2. The apparatus for coating a film with a graded color based on physical vapor deposition technology as claimed in claim 1, wherein: pretreatment assembly (1) is including pretreatment case (11), washing shower nozzle (12), dry trachea (13), pretreatment case (11) and board (5) fastening connection, wash shower nozzle (12), dry trachea (13) and set up inside pretreatment case (11), wash shower nozzle (12) and pretreatment case (11) top fastening connection, dry trachea (13) set up in pretreatment case (11) both sides.

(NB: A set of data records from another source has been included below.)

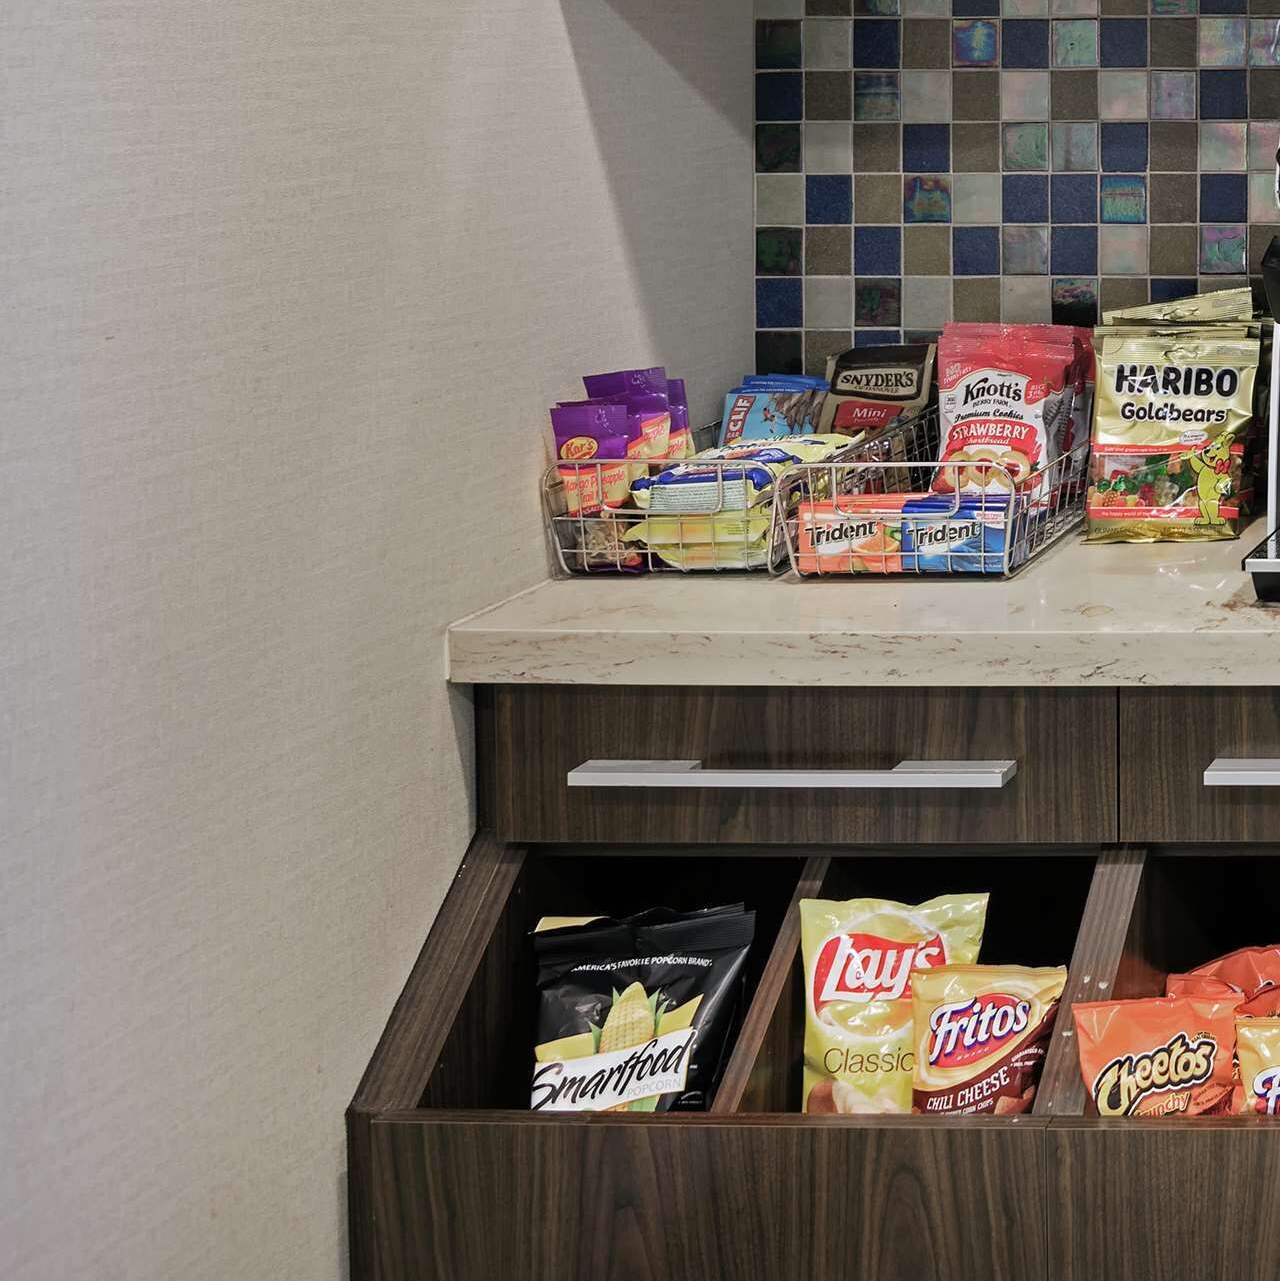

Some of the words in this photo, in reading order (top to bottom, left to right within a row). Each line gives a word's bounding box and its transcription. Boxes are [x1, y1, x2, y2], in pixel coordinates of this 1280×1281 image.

[840, 371, 914, 388] SNYDER'S
[962, 377, 1022, 407] Knott's
[1115, 363, 1239, 398] HARIBO
[728, 396, 751, 433] CLIF
[852, 407, 887, 418] Mini
[954, 410, 991, 423] Premium
[992, 408, 1024, 420] Cookies
[1120, 402, 1227, 423] Goldbears
[952, 423, 1030, 440] STRAWBERRY
[565, 439, 595, 458] Kar's
[805, 521, 876, 547] Trident
[907, 521, 978, 547] Trident
[819, 932, 942, 1002] Lay's
[928, 995, 1032, 1067] Fritos
[531, 1029, 697, 1110] Smartfood
[823, 1046, 915, 1075] Classic
[625, 1077, 683, 1099] POPCORN
[926, 1094, 954, 1111] CHILI
[956, 1065, 1010, 1107] CHEESE
[1095, 1033, 1214, 1116] Cheetos

3. The color-gradient coating equipment based on the physical vapor deposition technology as claimed in claim 2, wherein: be provided with dodge gate (211), axis of rotation (212), control motor (213), action wheel (214), follow driving wheel (215) on negative pressure storehouse (21), axis of rotation (212) and negative pressure storehouse (21) top are rotated and are connected, dodge gate (211) and axis of rotation (212) fastening connection, control motor (213) and negative pressure storehouse (21) top fastening connection, the output shaft and action wheel (214) fastening connection of control motor (213), follow driving wheel (215) and axis of rotation (212) fastening connection, action wheel (214) and follow driving wheel (215) meshing.

4. The apparatus of claim 3, wherein the apparatus comprises: the conveying unit (4) comprises a flowing conveying line (41), a conveying manipulator (42) and an exchange part (43), the flowing conveying line (41) is fixedly connected with the ground, the flowing conveying line (41) sequentially penetrates through the pretreatment assembly (1) and the coating assembly (2), the conveying manipulator (42) is fixedly connected with the machine table (5), the conveying manipulator (42) is arranged between the pretreatment assembly (1) and the coating assembly (2), one end of the exchange part (43) is connected with the pretreatment assembly (1), and the other end of the exchange part (43) is connected with the coating assembly (2).

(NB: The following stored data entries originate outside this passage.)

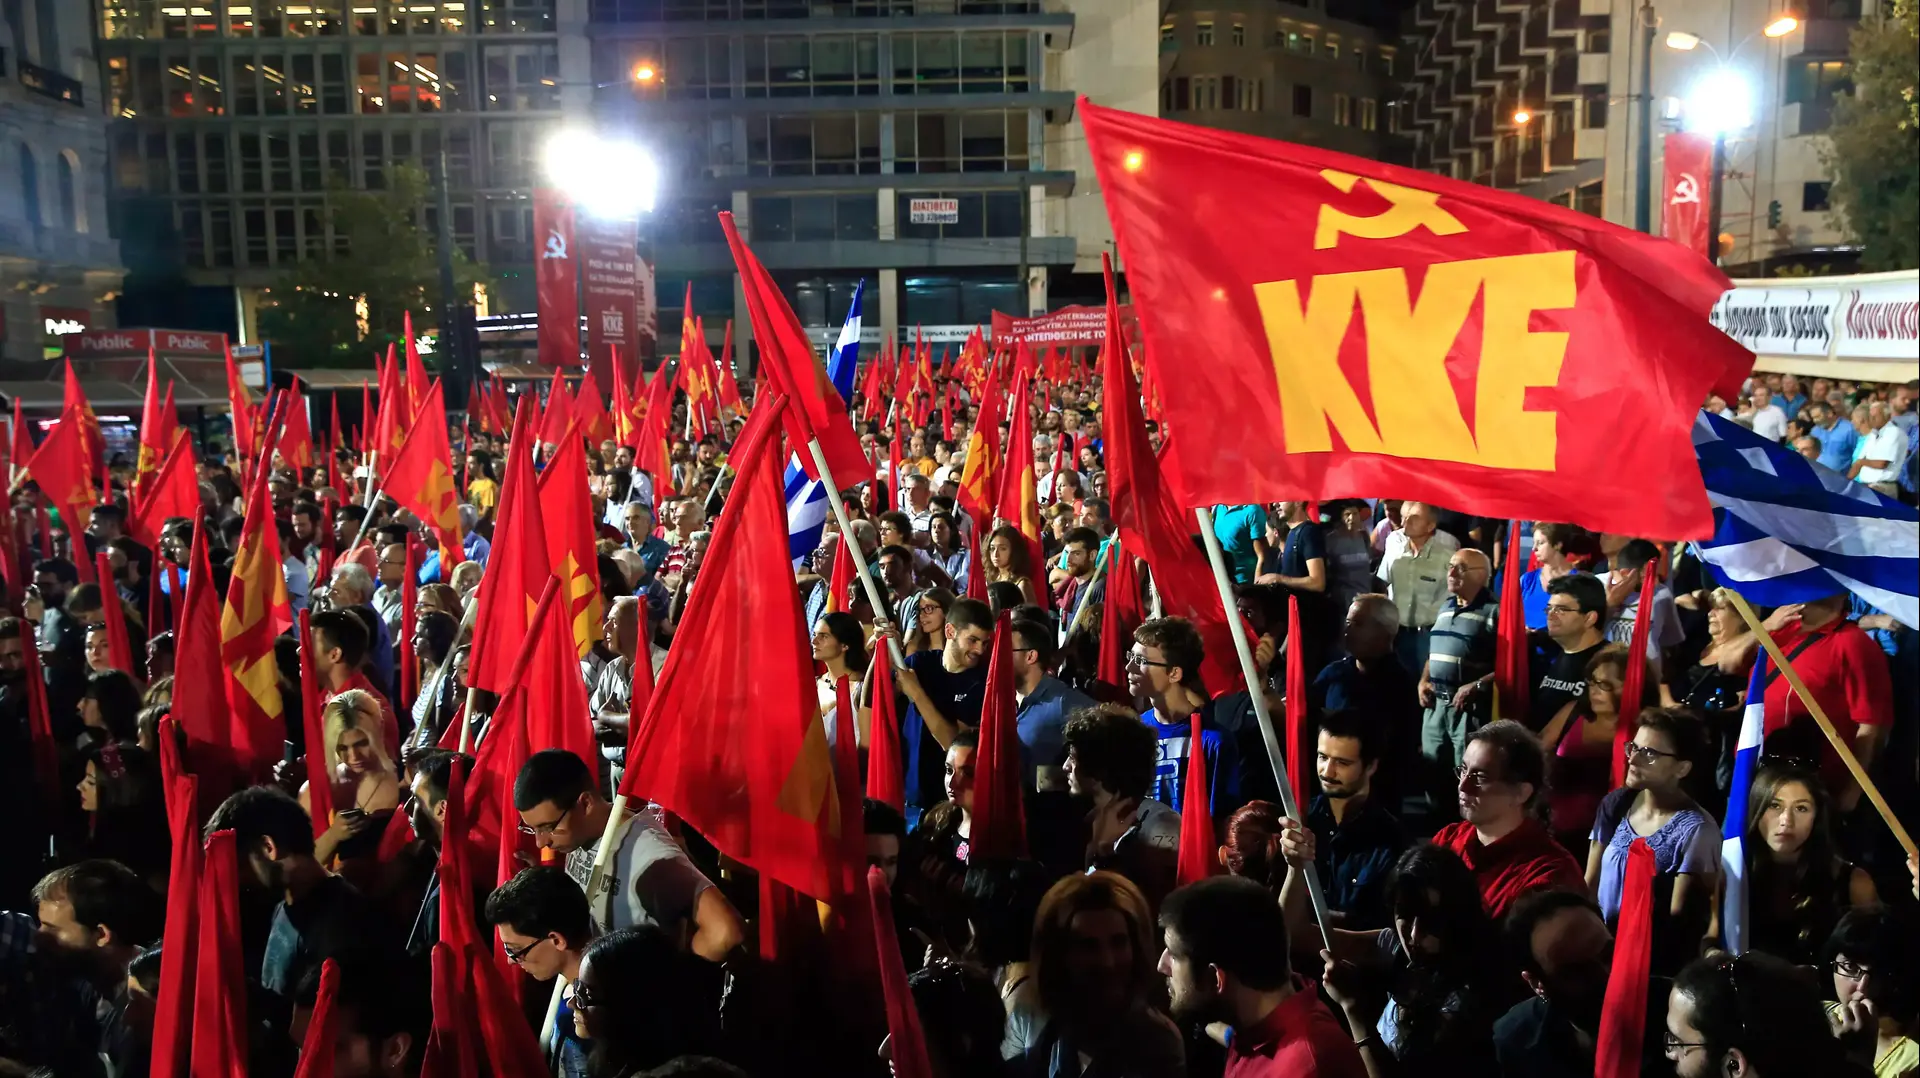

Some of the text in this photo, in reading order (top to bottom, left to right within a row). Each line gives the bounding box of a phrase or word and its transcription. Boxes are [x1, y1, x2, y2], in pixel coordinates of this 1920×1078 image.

[912, 201, 957, 212] ΔΙΑΤΙΘΕΤΑΙ
[1846, 290, 1919, 340] Κοινωνικο
[81, 334, 134, 350] Public
[168, 334, 210, 350] Public
[1079, 331, 1092, 340] ΜΕ
[1253, 250, 1577, 472] ΚΚΕ

5. The apparatus of claim 4, wherein the apparatus comprises: the exchange component (43) comprises a heat conduction block (431), a circulation pipe (432), a delivery pump (433), a blast pipe (434), a fan (435) and an exchange block (436), wherein the heat conduction block (431) is embedded in the inner wall of the negative pressure bin (21), the heat conduction block (431) is fixedly connected with the evaporation source (242), the circulation pipe (432) penetrates through the heat conduction block (431), two ends of the circulation pipe (432) are connected with the exchange block (436), the delivery pump (433) is connected in series on the circulation pipe (432), the blast pipe (434) is connected with two ends of the exchange block (436), one end, far away from the exchange block (436), of the blast pipe (434) is connected with the fan (435), the other end, far away from the exchange block (436), of the blast pipe (434) is communicated with the drying air pipe (13), and the delivery pump (433), the fan (435) and one side, far away from the movable door (211), of the negative pressure bin (21) are fixedly connected.

6. The apparatus of claim 5, wherein the apparatus comprises: the exchange block (436) comprises a spiral coil (4361) and a heat exchange tube (4362), the spiral coil (4361) is arranged inside the heat exchange tube (4362), the heat exchange tube (4362) is fixedly connected with one side, far away from the movable door (211), of the negative pressure bin (21), two ends of the spiral coil (4361) are communicated with the blast pipe (434), and two ends of the heat exchange tube (4362) are communicated with the circulating pipe (432).